Sleep efficiency is the percentage of time spent asleep while in bed. A normal sleep efficiency is considered to be 85% or higher. Wake after sleep onset refers to how much time a person spends awake after initially falling asleep. A new study looked at the association between evening use of alcohol, caffeine, and nicotine and sleep and found that nicotine and alcohol use within 4 hours of bedtime are associated with decreased sleep efficiency and increased wake after sleep onset.

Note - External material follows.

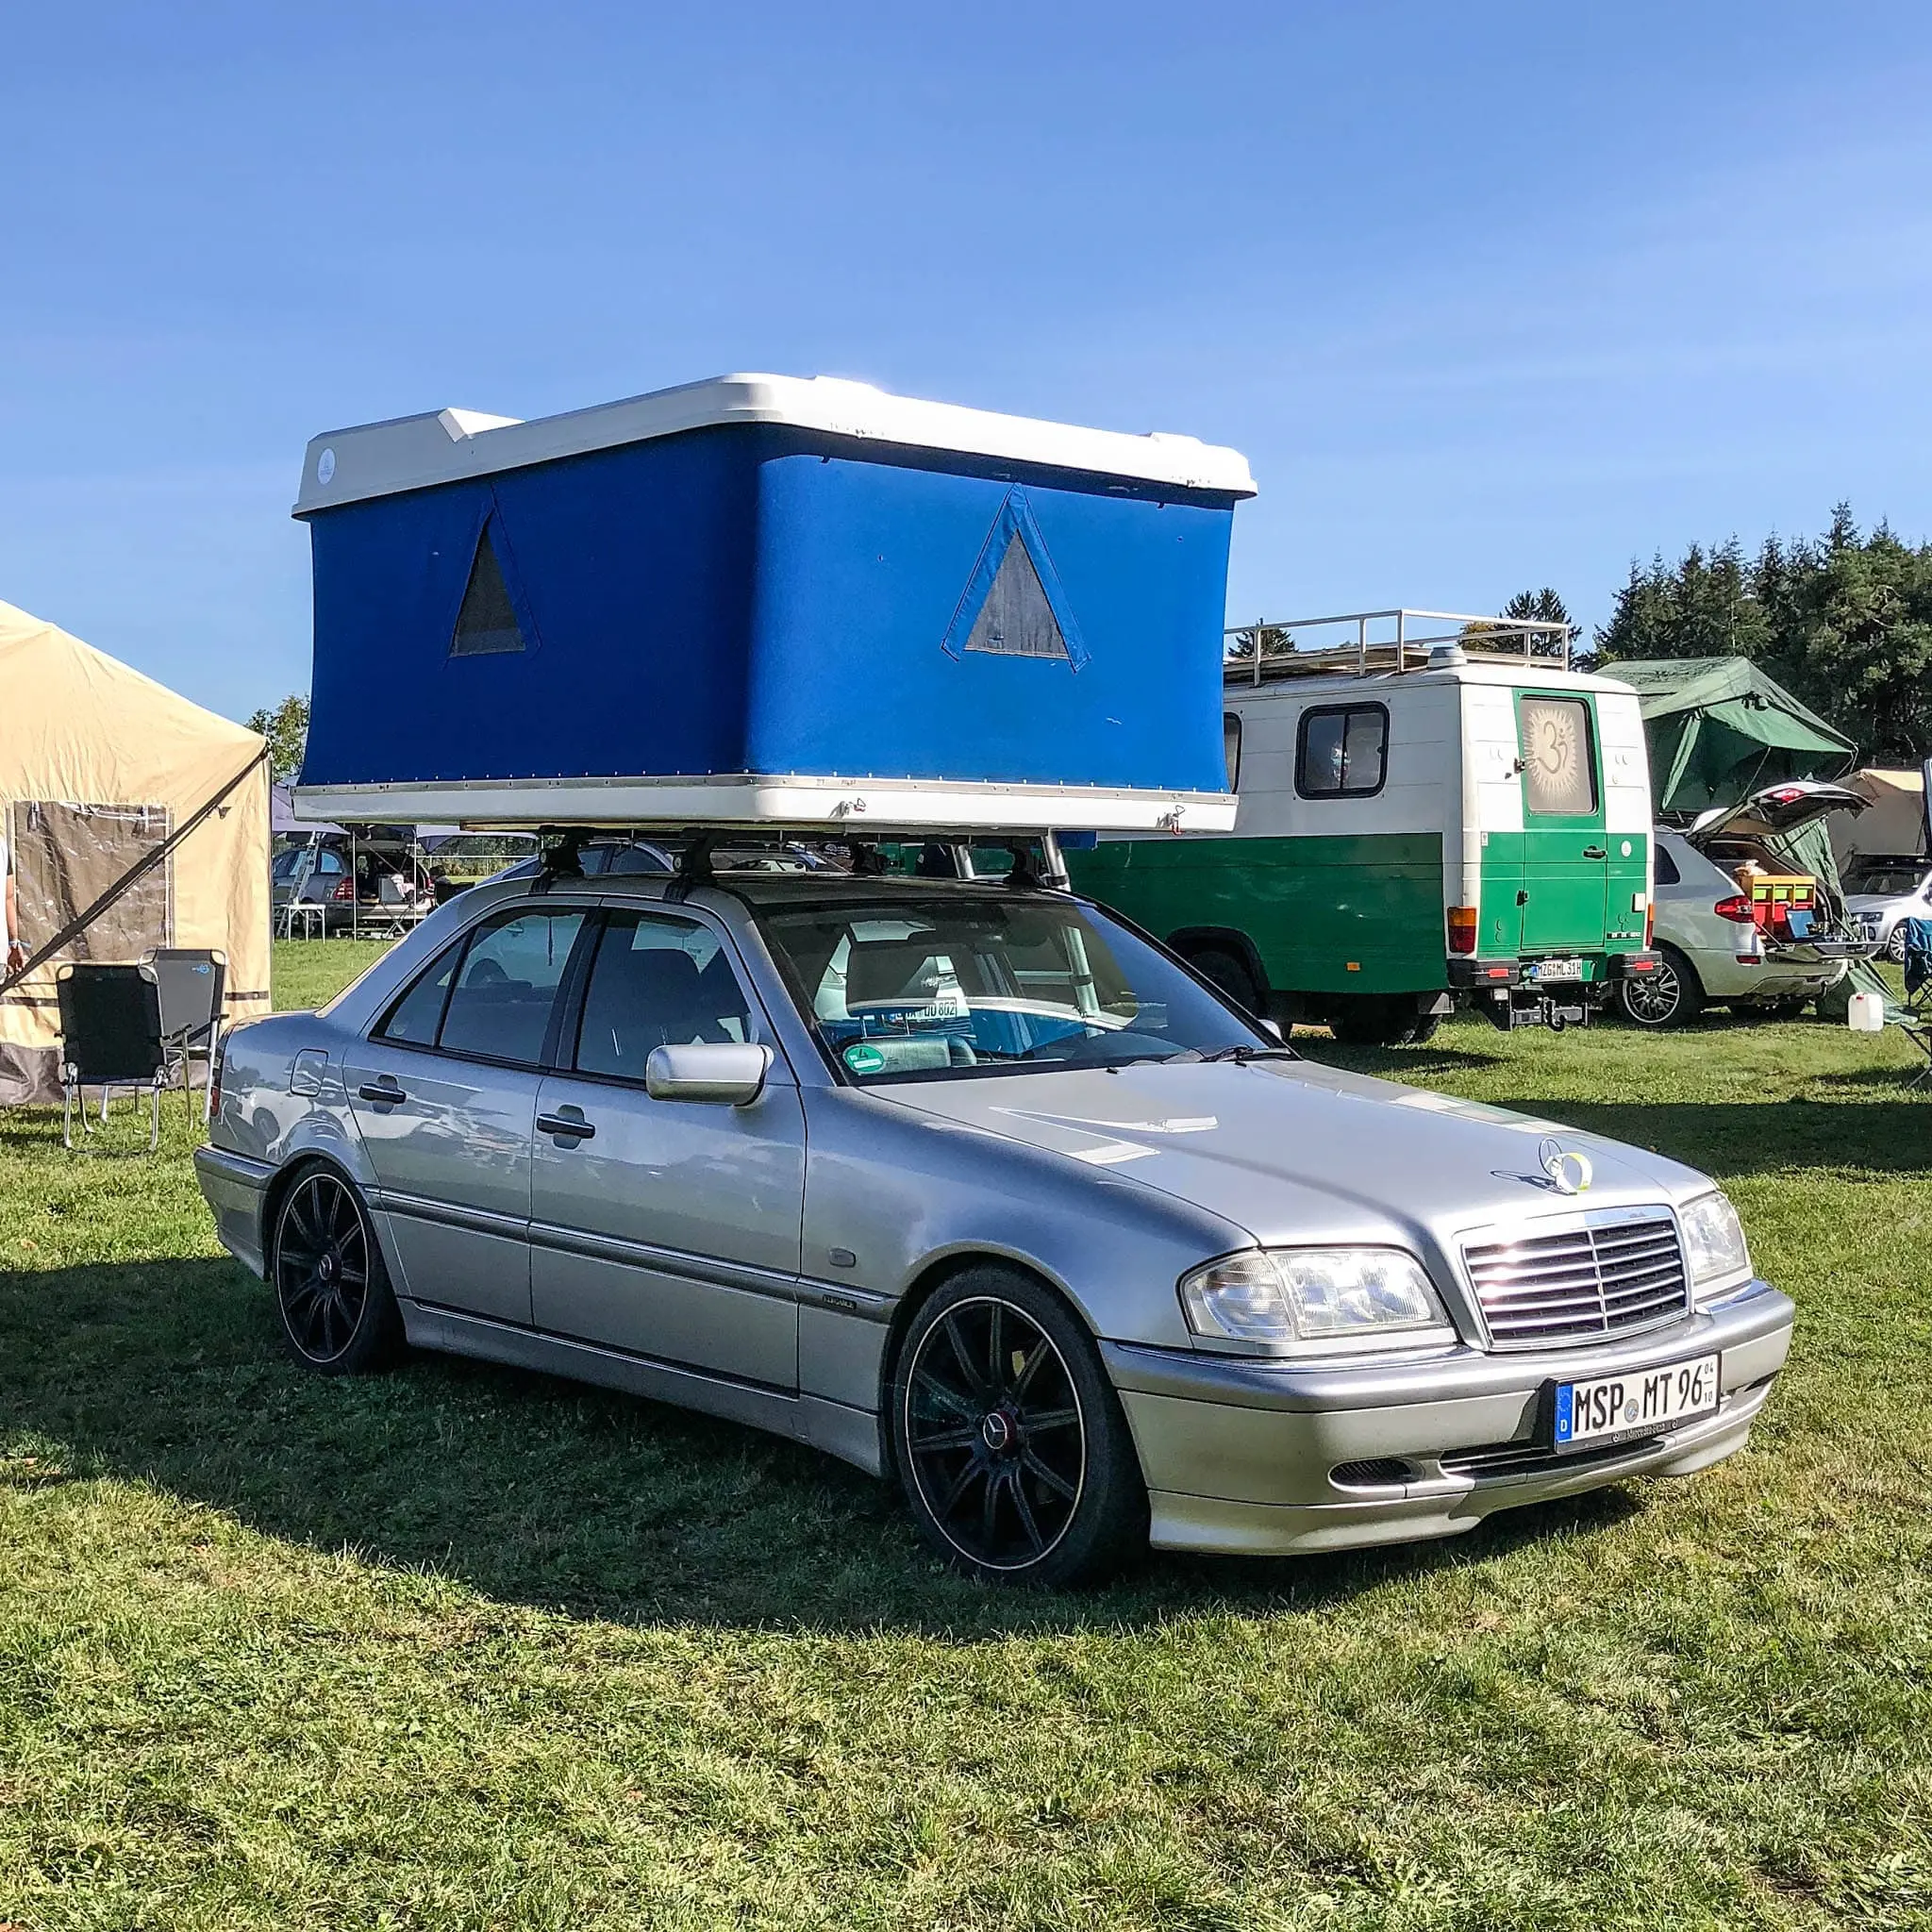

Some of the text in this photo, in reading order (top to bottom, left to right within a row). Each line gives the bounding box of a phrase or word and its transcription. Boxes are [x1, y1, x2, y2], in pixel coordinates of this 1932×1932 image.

[1574, 1364, 1703, 1432] MSP MT 96
[1559, 1419, 1567, 1432] D

Participants in the study included 785 adults with an average age
of 63.7 who took part in the Jackson Heart Sleep Study. Participants wore a wrist-watch-like
sensor for an average of 6.7 nights to record sleep activity. They also kept
daily sleep diary assessments to record consumption of alcohol, caffeine, and
nicotine within 4 hours of bedtime.





Alcohol use in the evening was associated with lower sleep
efficiency, but not with sleep duration or wake after sleep onset. Nicotine use
in the evening was associated with lower sleep efficiency and 6.09 higher
minutes of wake after sleep onset. In insomniacs, evening nicotine use was
associated with an average 42.47-minute reduction in sleep duration. Caffeine
use in the evening was not associated with any of the sleep parameters.





The study was conducted by researchers from Florida Atlantic
University, Brigham and Women’s Hospital, and Harvard Medical School. It was published
online ahead of print on August 6, 2019 in the journal Sleep.